「保守の政治家で沖縄の痛みに寄り添う感受性をもつ人は今やほとんどいません。本土メディアも一部を除き、同様の傾向を示しています」
こう語る山田教授は、沖縄との関係をつなぐ妙案は浮かばない、と嘆息する。
「忘れてはいけない歴史が、かくも簡単に忘れられていく現実をどう考えたらいいのでしょうか。『歴史を勉強し直せ』と言うのは簡単ですが……」
●政府の対策は街路灯の増設
オバマ大統領は5月27日、安倍首相とともに広島を訪問。日米同盟の絆の強さをアピールし、慌ただしく3日間の訪日スケジュールを終えた。一連の展開を、前出の照屋教授はこうとらえる。

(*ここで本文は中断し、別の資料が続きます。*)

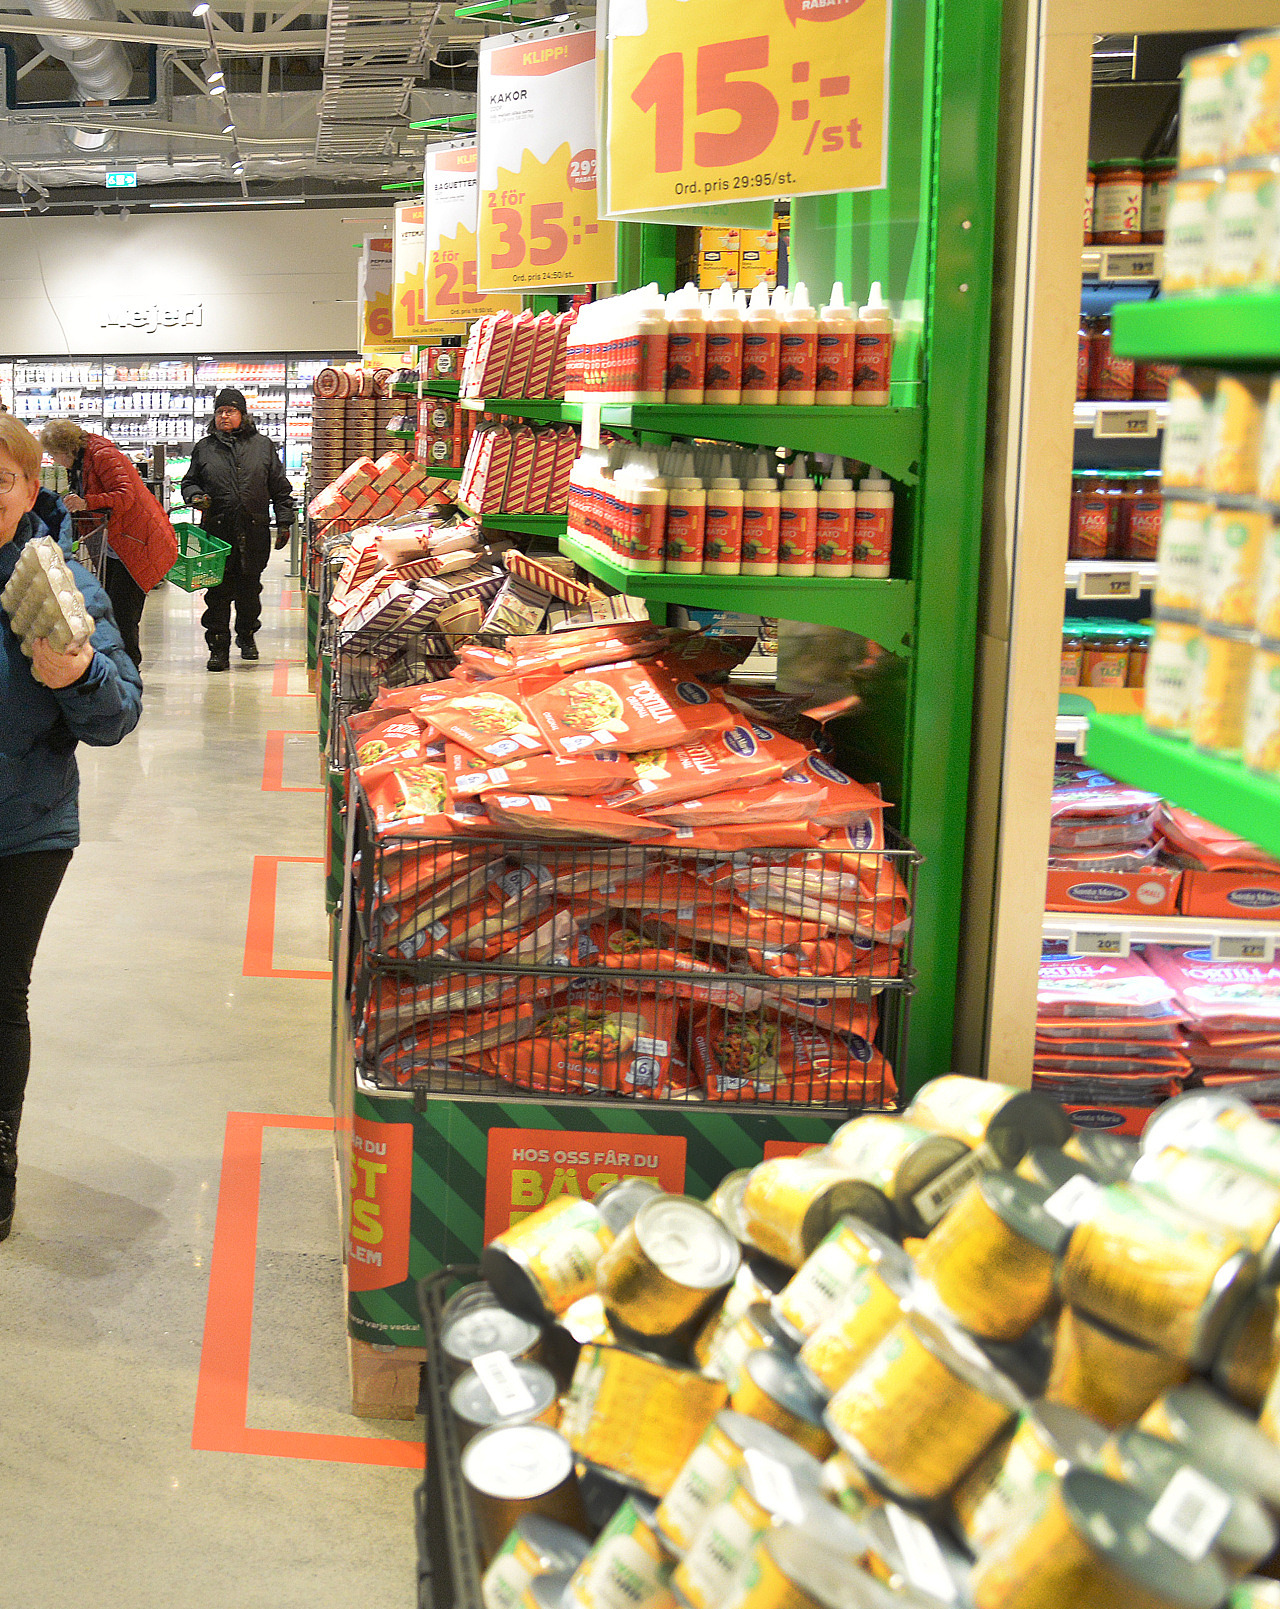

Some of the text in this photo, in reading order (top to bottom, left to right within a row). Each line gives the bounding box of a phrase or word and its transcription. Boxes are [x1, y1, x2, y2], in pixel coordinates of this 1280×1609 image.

[523, 45, 568, 65] KLIPP!
[490, 90, 528, 104] KAKOR
[803, 118, 862, 156] /st
[457, 153, 477, 165] KLIP
[675, 172, 796, 195] Ord. pris 29:95/st.
[488, 190, 526, 208] 2 för
[433, 251, 459, 262] 2 för
[512, 273, 526, 282] Ord.
[528, 272, 541, 282] pris
[1079, 515, 1107, 525] TACO
[1132, 516, 1161, 525] TACO
[629, 680, 677, 724] TORTILLA
[1073, 887, 1124, 897] Santa Maria
[399, 979, 445, 996] ORGINAL
[365, 1141, 387, 1156] DU
[512, 1148, 659, 1168] HOS OSS FÅR DU
[511, 1168, 659, 1206] BÄ
[365, 1319, 388, 1331] varje

「橋本さんや小渕さんなら、数分間でも翁長知事と大統領の面談をセットしようと奔走したはずです。思いやりのない政治が続いていることが、沖縄の基地を不安定化させている」
米国との同盟強化を重視したのは橋本、小渕政権ももちろん、例外ではなかった。橋本氏は「普天間返還」を目玉とする沖縄の負担軽減を前面に打ち出す一方、日米ガイドライン関連法など、冷戦後の日米軍事協力の深化を怠らなかった。
小渕氏が尽力した九州・沖縄サミットをめぐっては、米国務省のスタッフが「普天間移設問題を前進させる機会」だとクリントン大統領に進言していた文書も見つかり、サミット開催を政治利用しようとした米国側の思惑も露呈している。

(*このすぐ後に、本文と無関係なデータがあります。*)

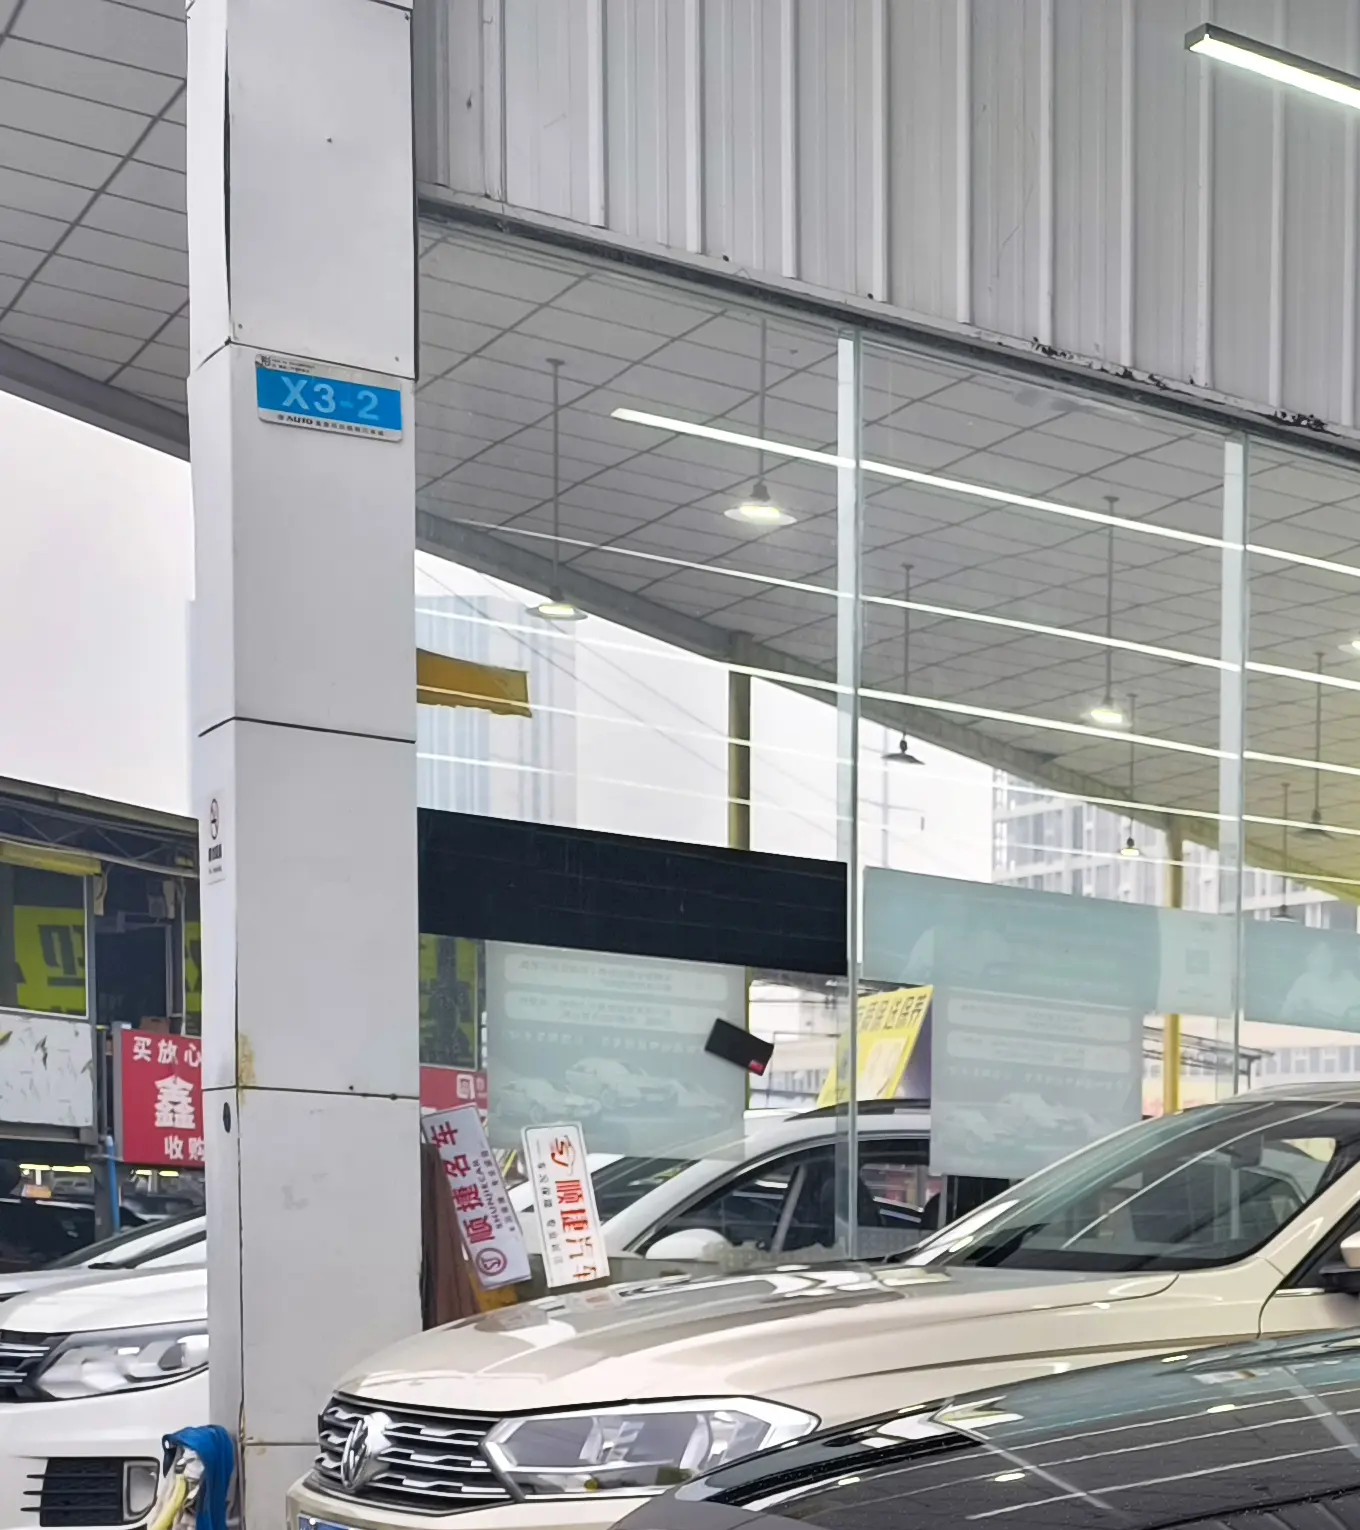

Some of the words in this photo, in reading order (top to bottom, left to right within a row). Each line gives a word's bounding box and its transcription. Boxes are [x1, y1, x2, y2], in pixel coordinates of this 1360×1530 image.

それでも、現政権への不信感は格別根深い。理由はこうだ。
「安倍首相は集団的自衛権の行使容認に取り組むなど安全保障政策や憲法改正に熱心ですが、日米安保は沖縄の過重な基地負担があってこそ支えられているという認識があるようには見えない」(照屋教授)

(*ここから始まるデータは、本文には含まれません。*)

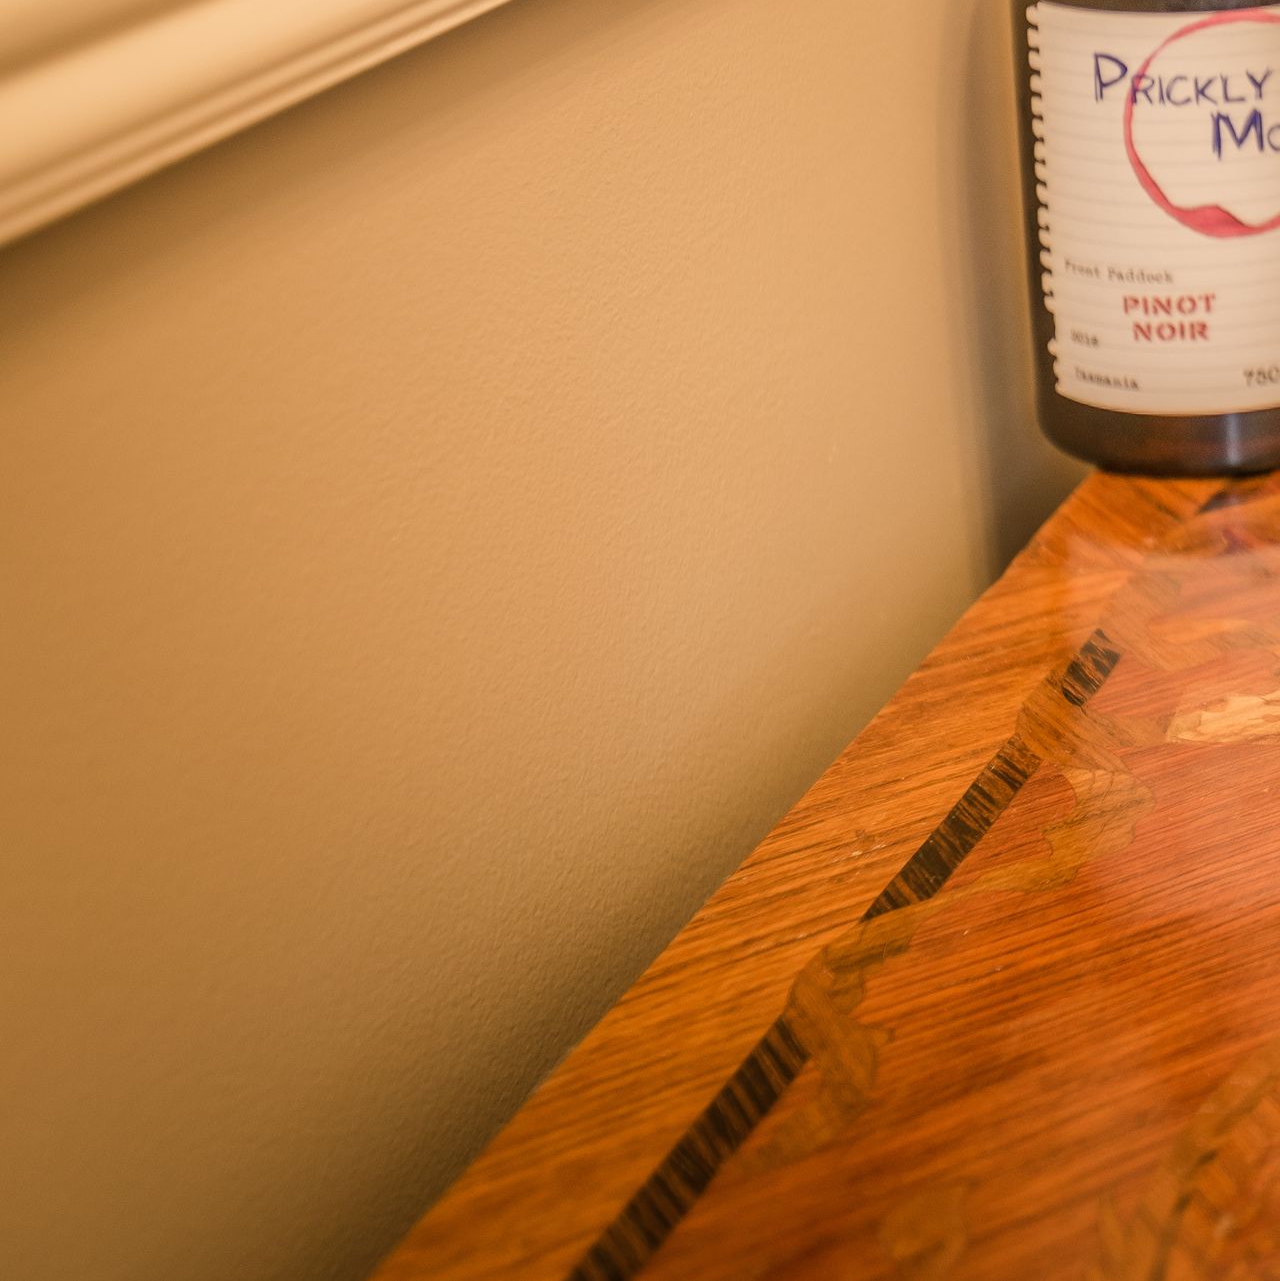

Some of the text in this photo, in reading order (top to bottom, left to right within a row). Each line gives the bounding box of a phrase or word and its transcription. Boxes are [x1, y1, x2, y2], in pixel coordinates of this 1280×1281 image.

[1093, 52, 1275, 106] PRICKLY
[1108, 267, 1174, 284] Paddock
[1122, 292, 1216, 316] PINOT
[1133, 321, 1210, 343] NOIR

安倍政権が長期化すれば、沖縄はますます安保の犠牲を強いられるのではないか、との「恐怖心」を拭うことができない、と照屋教授は言う。
事件に抗議する県民大会は、6月19日に那覇市内で開催されることが決まった。その4日後は、沖縄戦の犠牲者を追悼する「慰霊の日」だ。沖縄では8月15日の終戦記念日よりも色濃く「戦争」を思い起こす日で、鎮魂ムード一色に包まれる。県民の心に「過去の戦争の悲劇」と「現在に至る基地被害の悲劇」が重なるのは避け難い。
政府に「沖縄の基地の整理縮小」を促す国会決議は1971年以降、繰り返し可決されている。にもかかわらず、基地は目に見える形で整理縮小されてこなかった。
照屋教授はこう主張する。
「全国の米軍専用施設の74%が沖縄に集中している異常事態を解消しない限り、根本的な解決にはつながりません」
前出の江田議員は「沖縄の人々の心を解きほぐす努力をしないと、溝を埋める糸口は見つからない」と指摘。日米地位協定について「従来の運用改善ではなく、将来の課題としてもう一歩踏み込んでいくことも大事」と述べ、米政府との改定交渉に踏み切るべきだと唱える。
沖縄県議会は5月26日、在沖米海兵隊の撤退を求める決議を初めて可決した。一方、政府が同じ日に発足させた「沖縄県における犯罪抑止対策推進チーム」で取り上げられたのは「街路灯の増設」といった施策だった。